**TASK DETAILS**.
Copy out the entries that follow exactly, leaving out the pictures.

═════ LISTED ENTRIES ═════

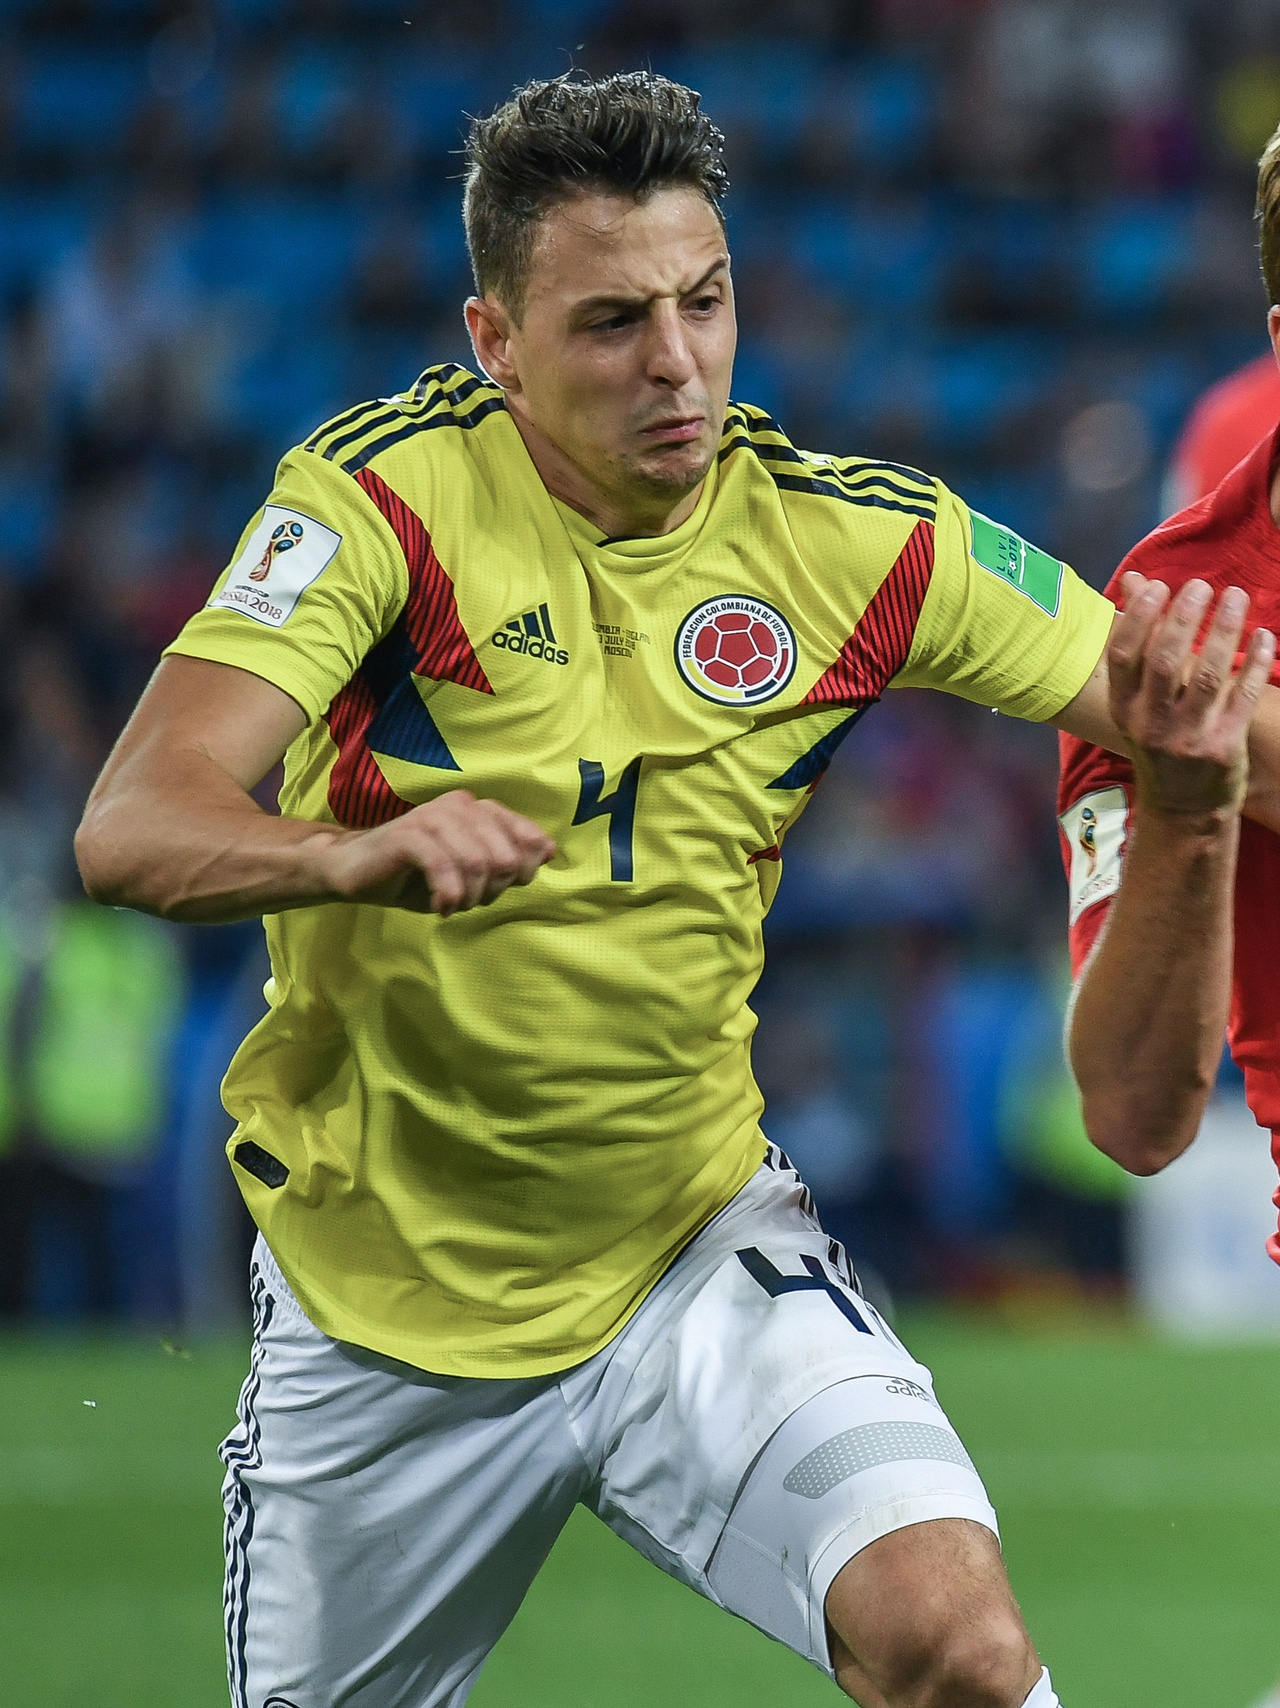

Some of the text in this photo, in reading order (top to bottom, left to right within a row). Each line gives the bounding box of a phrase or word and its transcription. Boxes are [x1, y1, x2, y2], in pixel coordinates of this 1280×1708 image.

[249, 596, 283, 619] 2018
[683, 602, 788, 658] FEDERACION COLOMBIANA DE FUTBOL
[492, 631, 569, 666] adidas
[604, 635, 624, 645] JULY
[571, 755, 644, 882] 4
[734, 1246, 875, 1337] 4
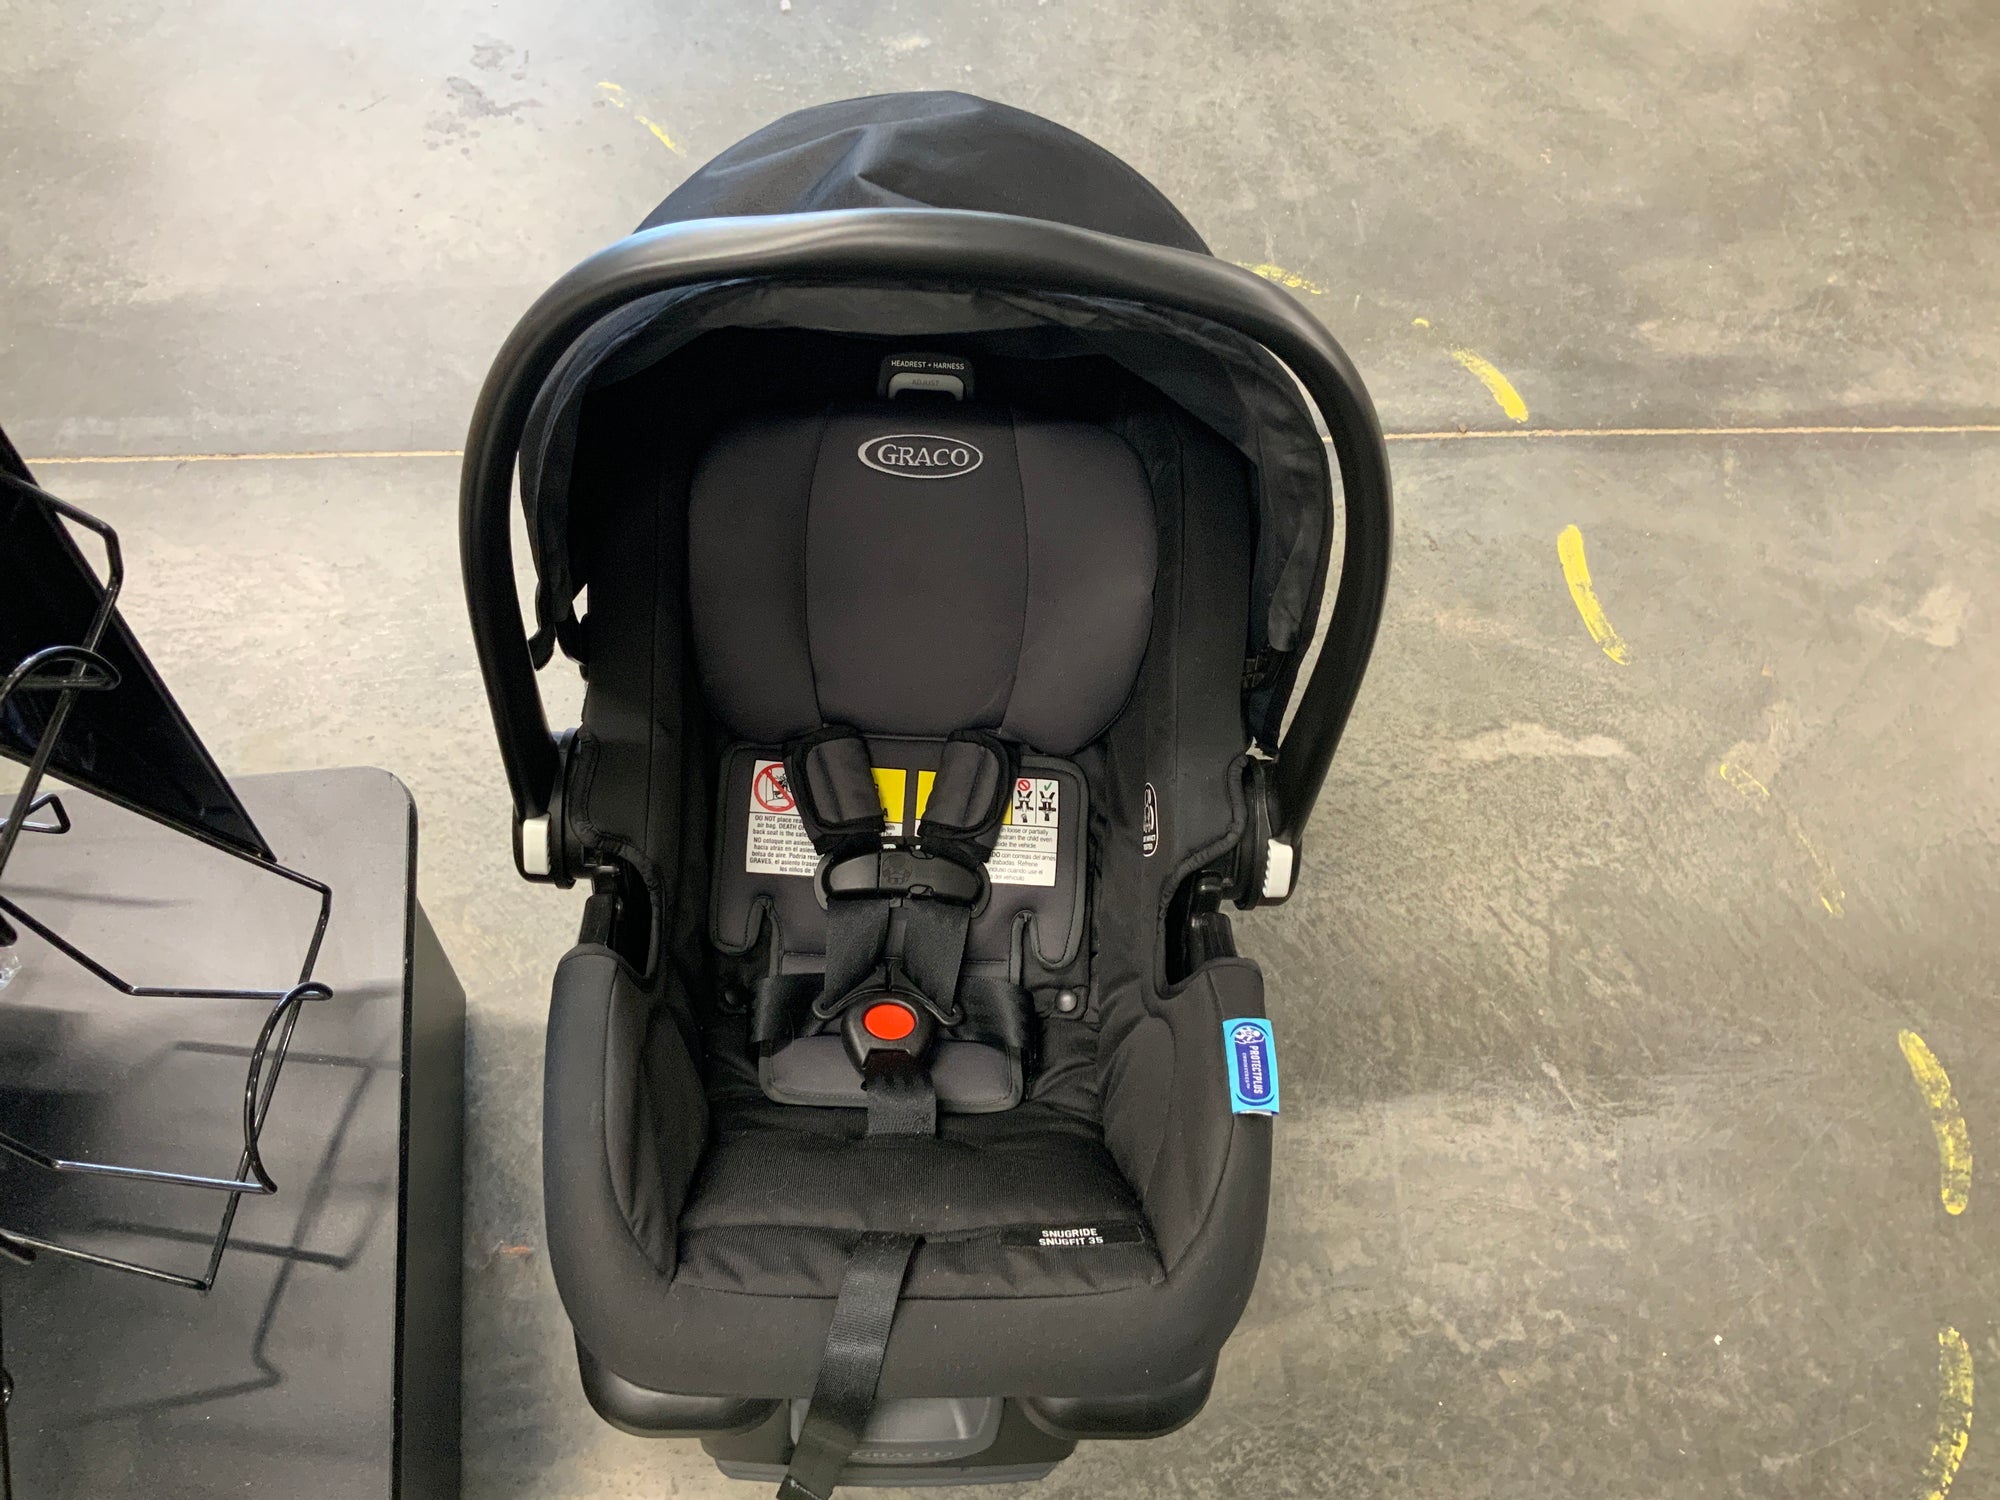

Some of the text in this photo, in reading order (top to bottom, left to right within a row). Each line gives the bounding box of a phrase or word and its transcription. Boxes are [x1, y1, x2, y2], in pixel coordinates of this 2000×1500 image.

═════

**COMPLETED EXERCISE**.
Some of the text in this photo, in reading order (top to bottom, left to right within a row). Each line gives the bounding box of a phrase or word and its transcription. Boxes are [x1, y1, x2, y2], in pixel coordinates of this 1280×1708 image.

[249, 596, 283, 619] 2018
[683, 602, 788, 658] FEDERACION COLOMBIANA DE FUTBOL
[492, 631, 569, 666] adidas
[604, 635, 624, 645] JULY
[571, 755, 644, 882] 4
[734, 1246, 875, 1337] 4

Some of the text in this photo, in reading order (top to bottom, left to right within a row). Each line gives the bounding box of a phrase or word and its transcription. Boxes are [x1, y1, x2, y2], in pixel coordinates of this 2000×1500 image.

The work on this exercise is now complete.